For now, ISAF spokesman Col. Tom Collins wrote in an e-mail to Situation Report that the surge was "clearly successful" because it brought "time and space" for the Afghans and coalition forces to achieve some key markers. It pushed insurgents out of the main population centers of the south, like in Kandahar City, and the communities along the Helmand River Valley. "There are still pockets of periodic violence to in outlying areas to be sure, but these populated areas are largely free of violence today," Collins wrote.
The surge also gave room to the Afghan army and police to grow, from 80,000 members of the Afghan National Army and 73,000 national police in January 2009 to 189,000 and 148,000 respectively. Last month, over 80 percent of the operations in the south were led by the Afghan Army, according to Collins.
In an exclusive interview with Situation Report last month, ISAF Commander Gen.

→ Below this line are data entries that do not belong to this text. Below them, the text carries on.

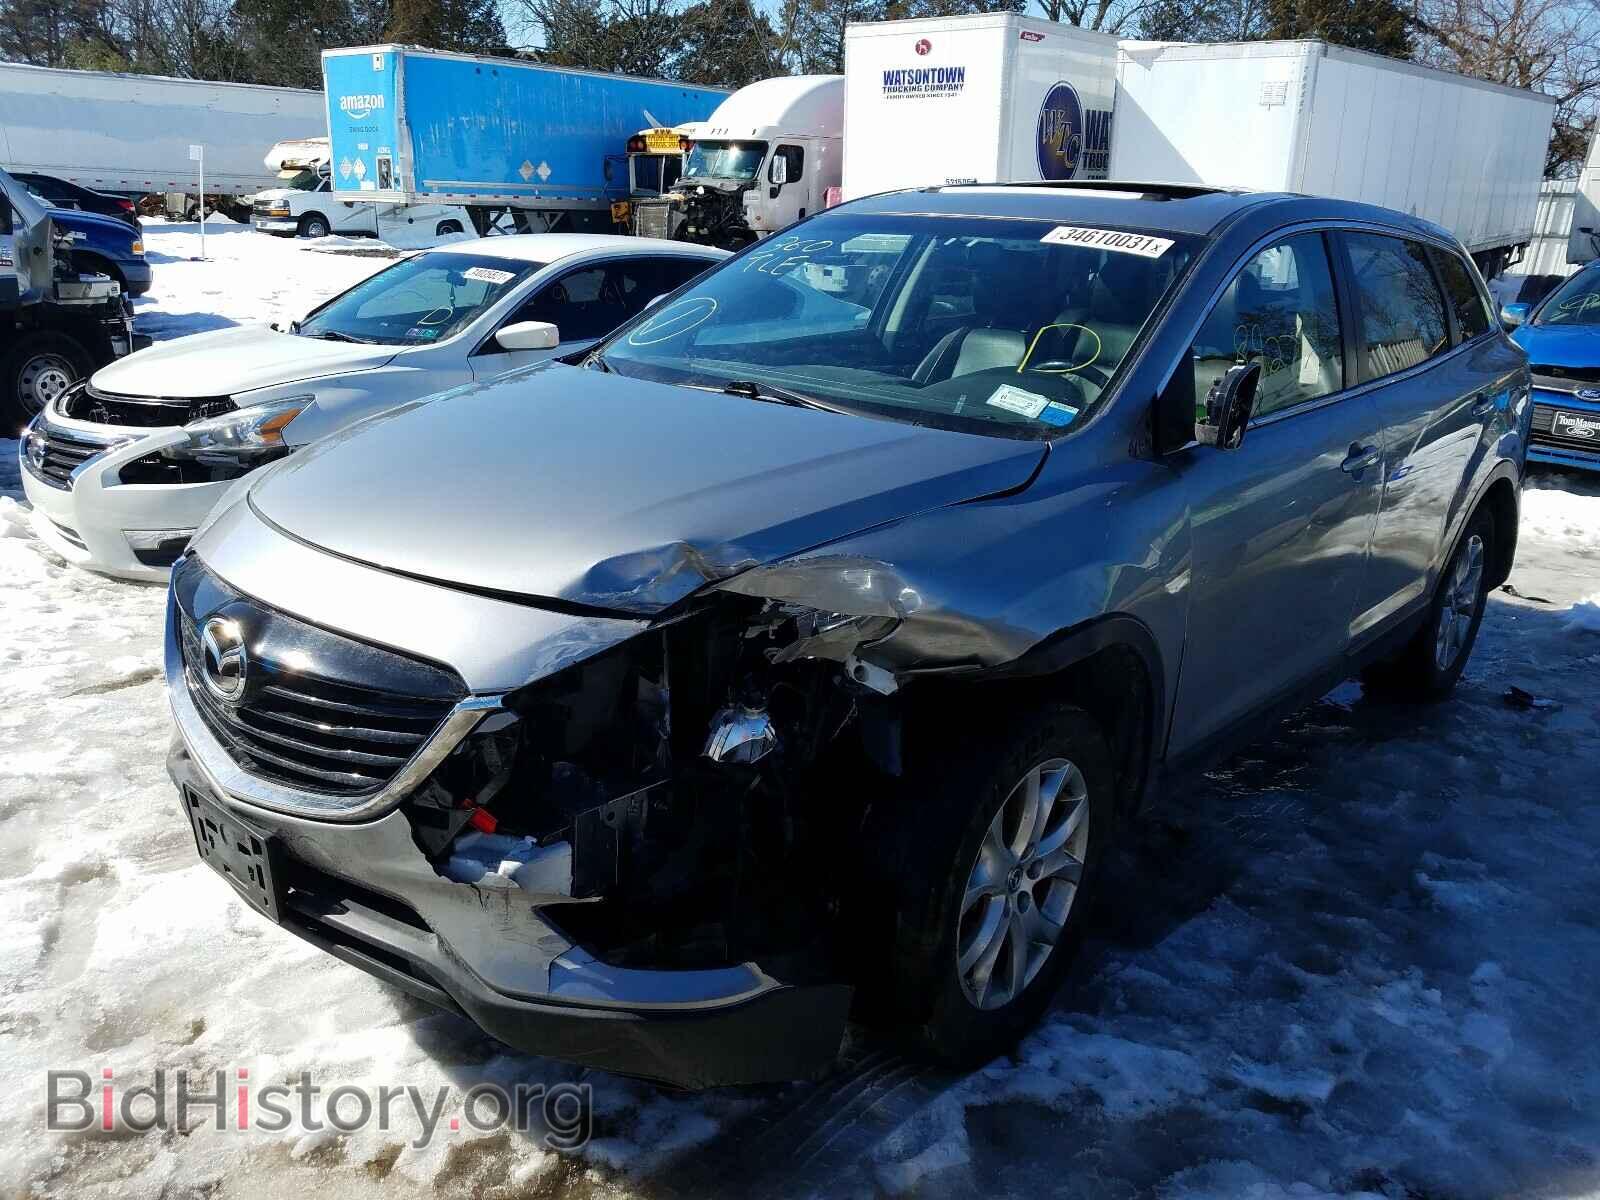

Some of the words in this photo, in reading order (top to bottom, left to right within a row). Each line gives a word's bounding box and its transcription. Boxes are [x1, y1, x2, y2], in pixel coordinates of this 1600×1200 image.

[883, 66, 965, 85] WATSONTOWN
[882, 85, 922, 94] TRUCKING
[924, 83, 964, 93] COMPANY
[340, 94, 385, 111] amazon
[1059, 227, 1155, 251] 34610031

John Allen said he would watch the post-surge environment in the south:
"I’m going to watch it very closely because this in the end, of course, is the spiritual homeland of the Pashtun rebellion. So for us it is less about a full-up conventional battle her than it is about consolidating our holds on the population," he said.
Meanwhile, the Monday morning quarterbacking has begun about Libya and how the U.S. appeared to miss the signals that would have hinted at the violent attack in Benghazi. How, on the anniversary of 9/11, could the building be so vulnerable even as officials knew a video that could incite violence was spreading across the Internet? Libya was known to have many armed militant groups, some of which are tied to Salafi extremists or jihadis who fought in Iraq and elsewhere. Administration officials have been reluctant to say much about the failure as the FBI and Department of Justice begin investigations.

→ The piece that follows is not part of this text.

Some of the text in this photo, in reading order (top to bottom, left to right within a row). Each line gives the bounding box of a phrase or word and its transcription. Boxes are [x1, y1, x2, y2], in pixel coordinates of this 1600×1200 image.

"Qaddafi loyalists" had been blamed for inciting the violence this week, but analysts have pushed back on that notion because it ignores a serious problem of emerging extremism, especially in a place like Benghazi, home to the revolution that toppled Qaddafi in the first place.
"There has been a pattern of militant extremist violence picking up the last few months, but it’s very easy to blame it on the Qaddafi loyalists," Sean Kane, who worked for a Swiss NGO in Libya up until this summer, told Situation Report. "And there is some reluctance to confront it directly in my view."
Extremist acts there were not new, he said, recalling an incident in January in which a meeting of the National Transitional Council in Benghazi turned violent, with extremist groups attempting to take advantage of public anger on an issue to foment violence.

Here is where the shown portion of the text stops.